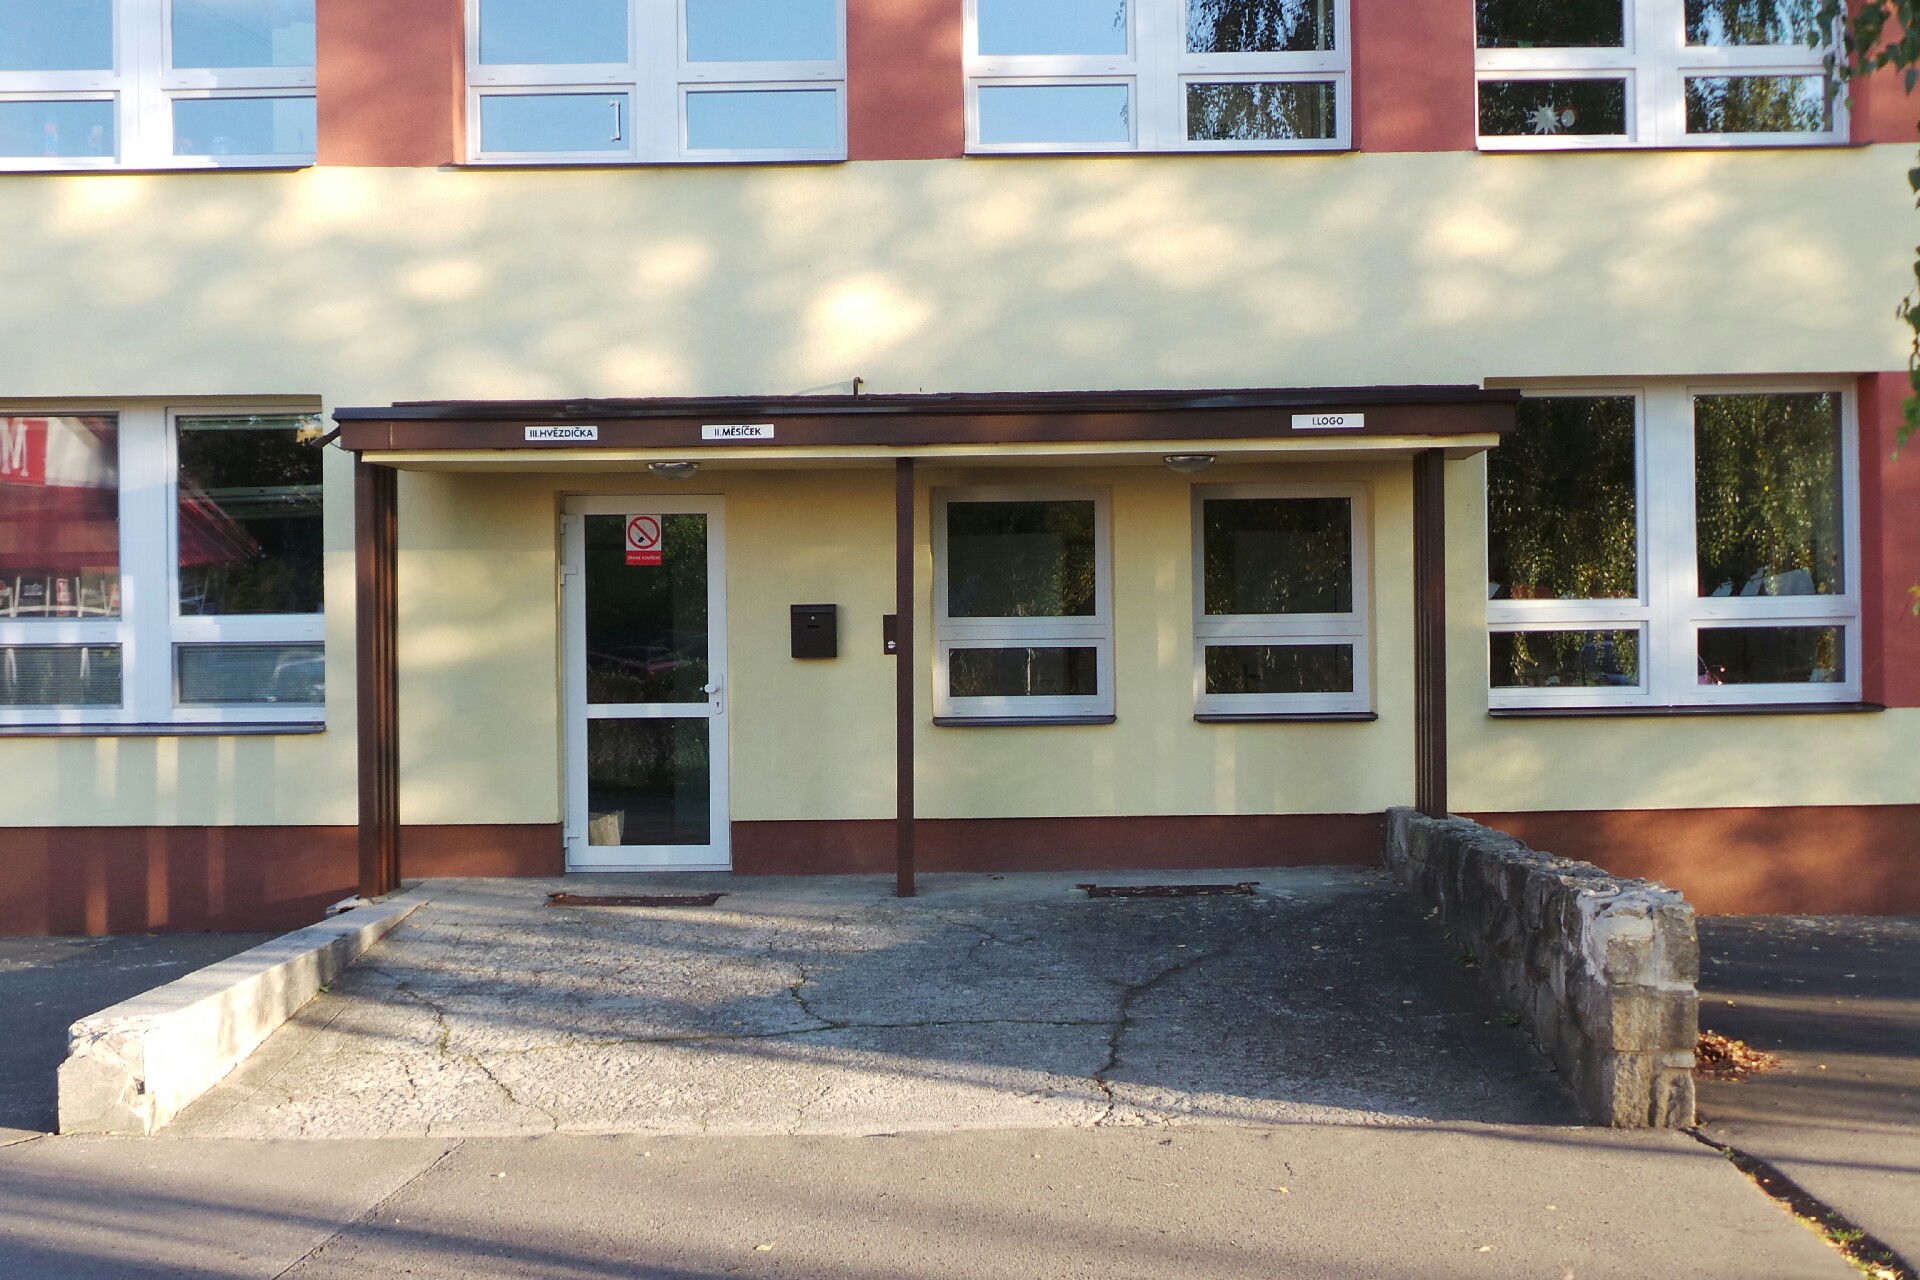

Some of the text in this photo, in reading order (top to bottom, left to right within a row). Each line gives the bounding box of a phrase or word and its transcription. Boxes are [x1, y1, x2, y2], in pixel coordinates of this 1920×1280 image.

[1312, 416, 1344, 426] I.LOGO
[529, 426, 594, 438] III.HVĚZDIČKA
[714, 425, 762, 437] II.MĚSÍČEK
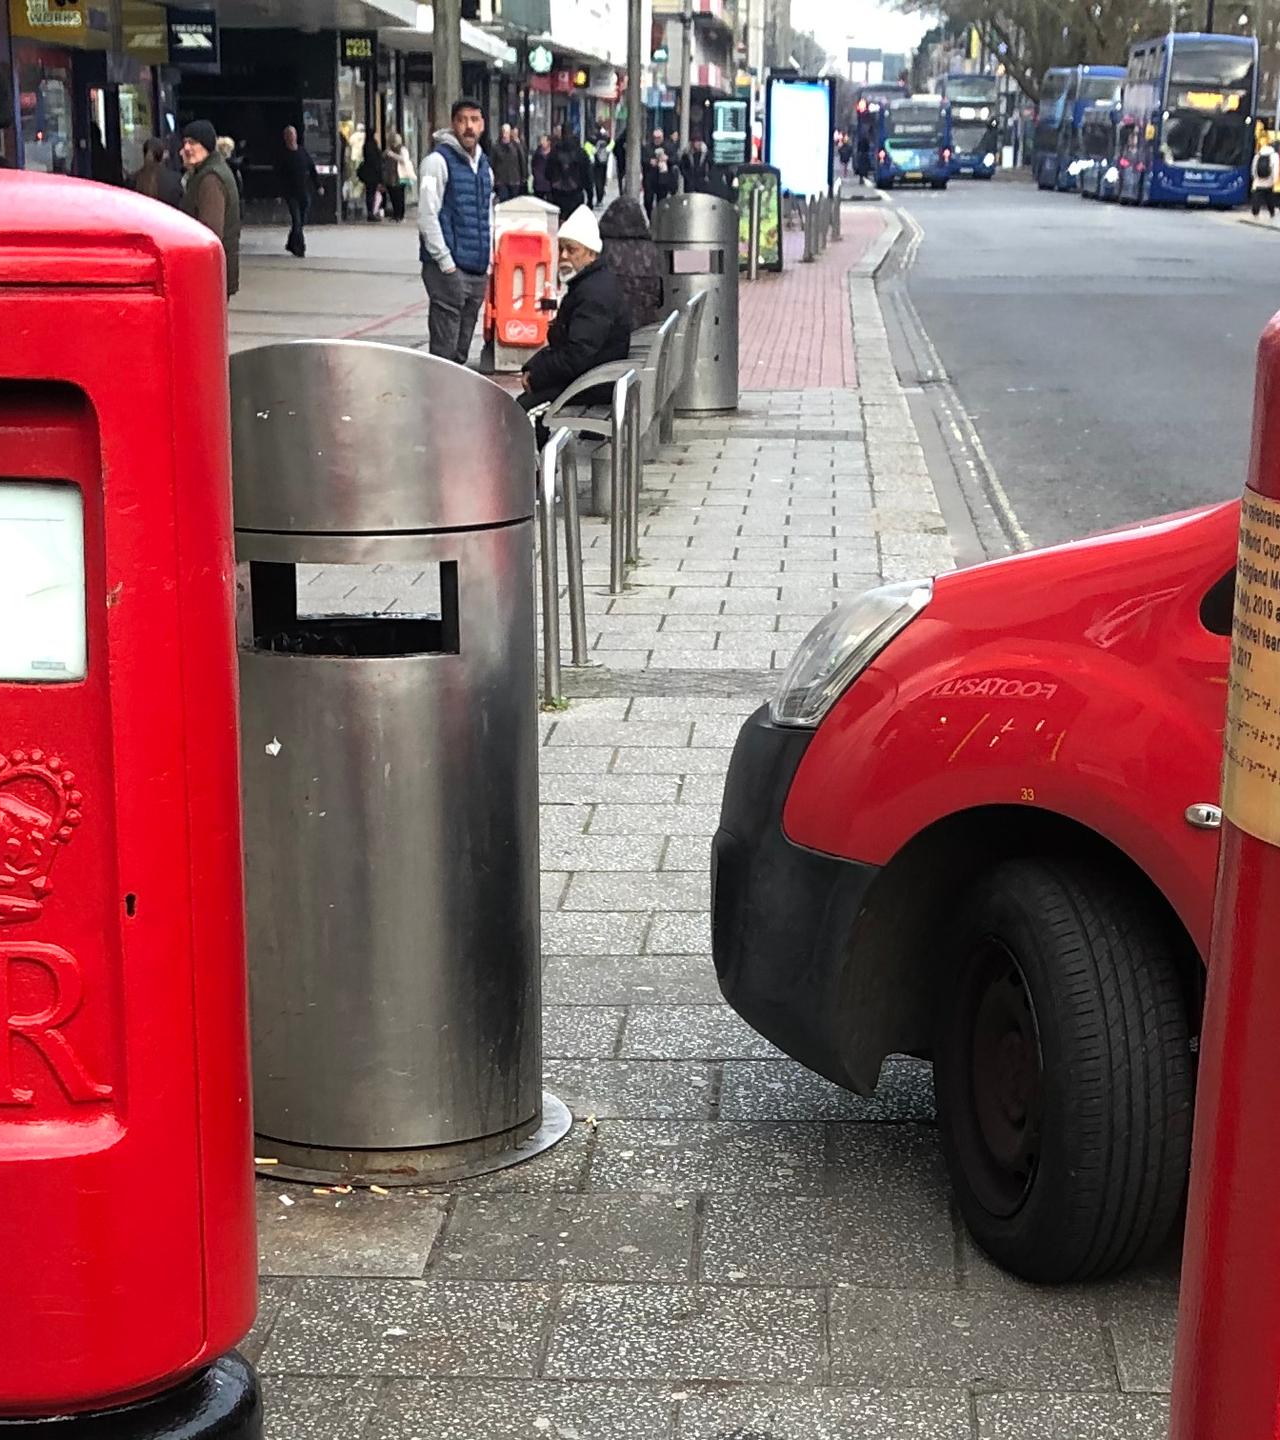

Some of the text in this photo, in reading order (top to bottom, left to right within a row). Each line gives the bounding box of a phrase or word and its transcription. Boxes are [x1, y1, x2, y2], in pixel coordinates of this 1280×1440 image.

[29, 12, 81, 25] WORKS
[346, 38, 371, 48] MOSS
[346, 47, 371, 57] BROS
[1263, 536, 1280, 563] Cup
[1243, 558, 1269, 587] England
[1253, 594, 1273, 619] 2019
[1021, 787, 1035, 801] 33
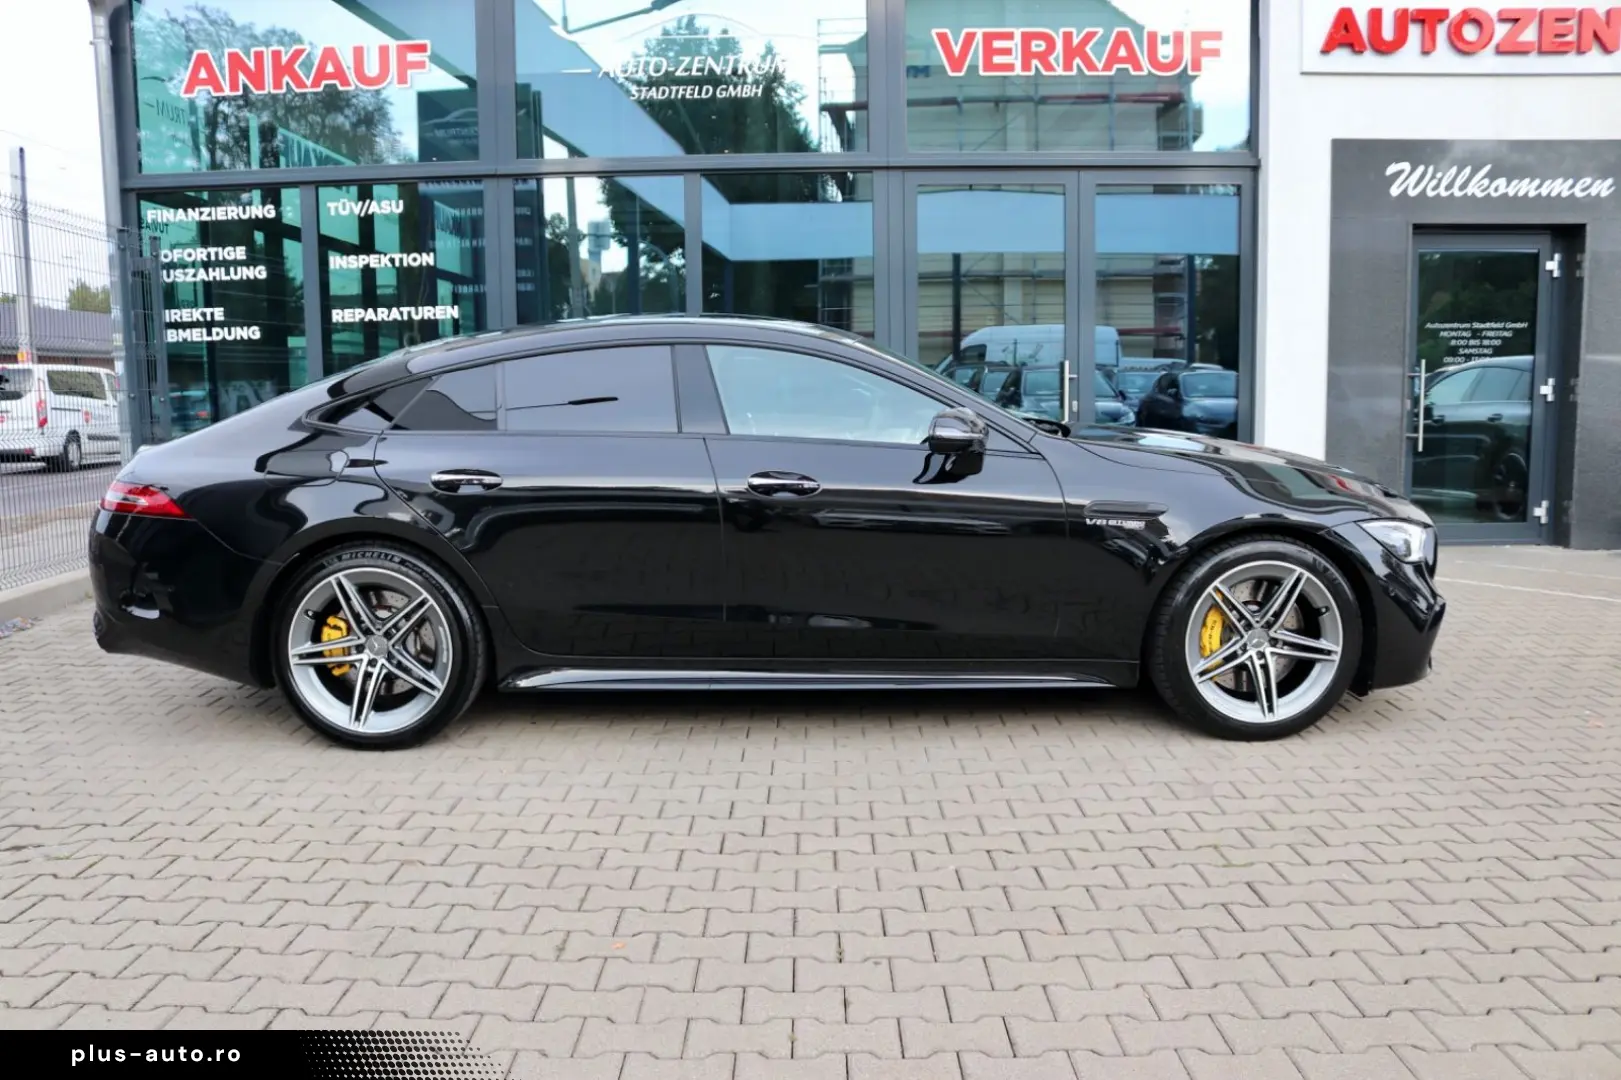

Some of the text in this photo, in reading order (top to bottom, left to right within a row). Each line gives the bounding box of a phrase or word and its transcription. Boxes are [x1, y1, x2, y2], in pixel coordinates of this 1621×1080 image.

[1320, 7, 1621, 54] AUTOZEN
[933, 29, 1222, 76] VERKAUF
[181, 41, 431, 97] ANKAUF
[630, 84, 763, 100] STADTFELD GMBH
[1385, 161, 1616, 198] Willkommen
[147, 204, 276, 223] FINANZIERUNG
[327, 199, 404, 216] TÜV/ASU
[161, 246, 247, 262] OFORTIGE
[329, 252, 435, 269] INSPEKTION
[162, 265, 267, 283] USZAHLUNG
[165, 307, 225, 323] IREKTE
[331, 305, 459, 323] REPARATUREN
[165, 326, 261, 342] BMELDUNG
[341, 550, 402, 564] MICHELIN
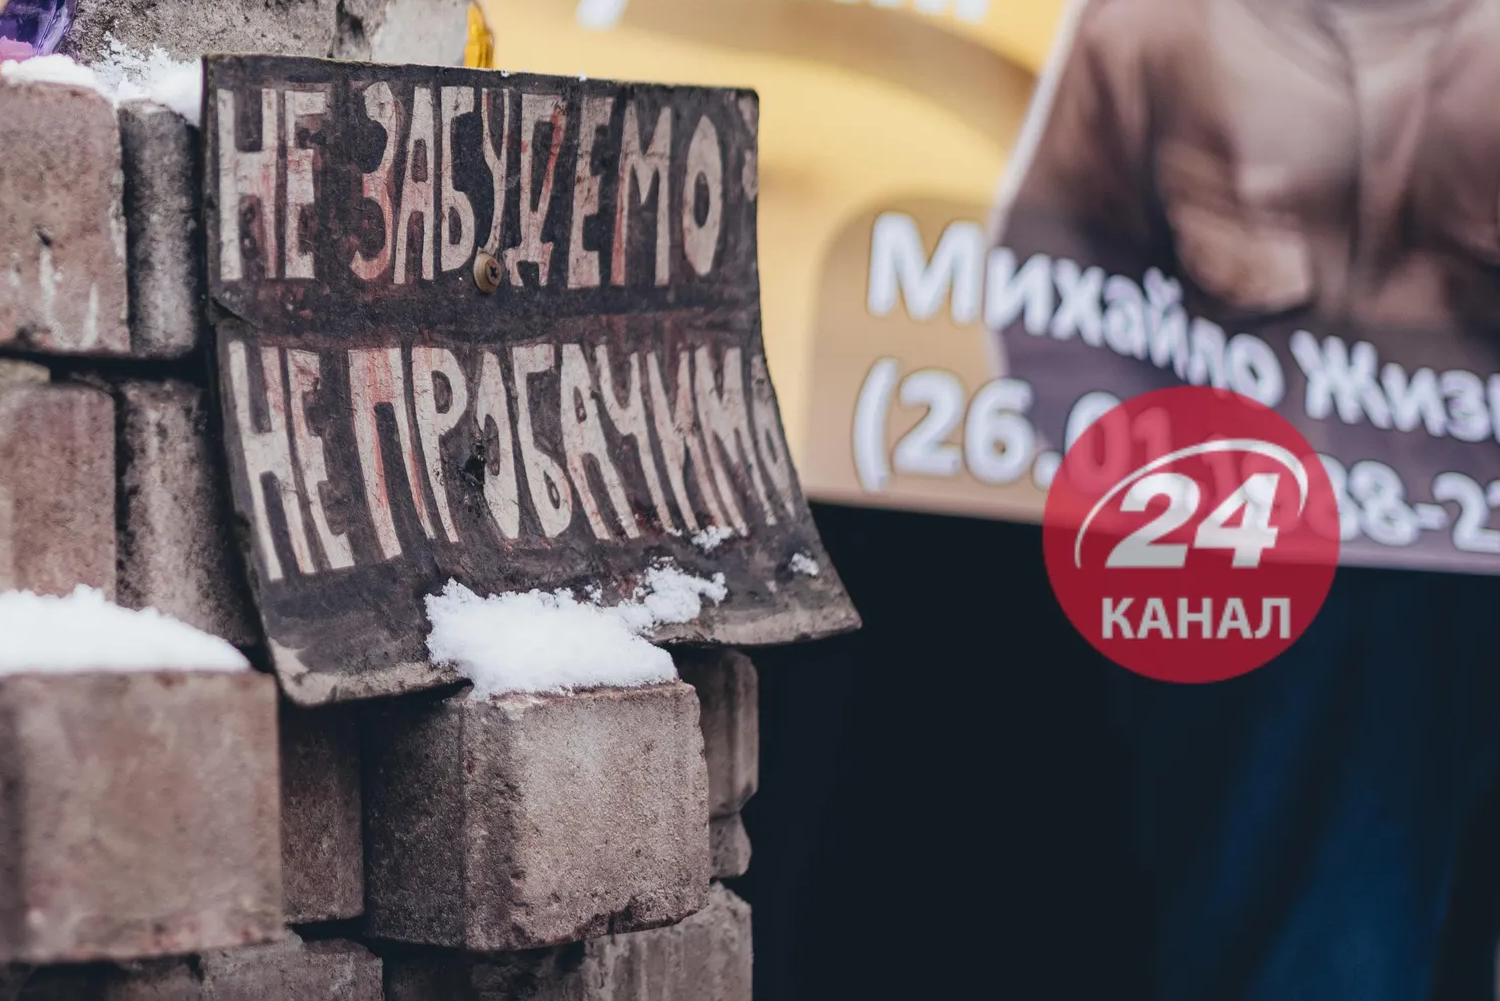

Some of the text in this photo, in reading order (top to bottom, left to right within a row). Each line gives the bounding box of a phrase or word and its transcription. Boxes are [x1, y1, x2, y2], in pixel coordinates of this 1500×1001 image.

[216, 81, 723, 289] НЕ ЗАБУДЕМО
[866, 211, 1500, 445] Михайло Жиз
[227, 340, 798, 581] НЕ ПРОБАЧИМО
· · · · ·
Exercise objective - Reproduce only the lines running from the one that contains "this 1500×1001 image." to the last line of the records.

Task output -
Some of the text in this photo, in reading order (top to bottom, left to right within a row). Each line gives the bounding box of a phrase or word and its transcription. Boxes are [x1, y1, x2, y2], in pixel coordinates of this 1500×1001 image.

[216, 81, 723, 289] НЕ ЗАБУДЕМО
[866, 211, 1500, 445] Михайло Жиз
[227, 340, 798, 581] НЕ ПРОБАЧИМО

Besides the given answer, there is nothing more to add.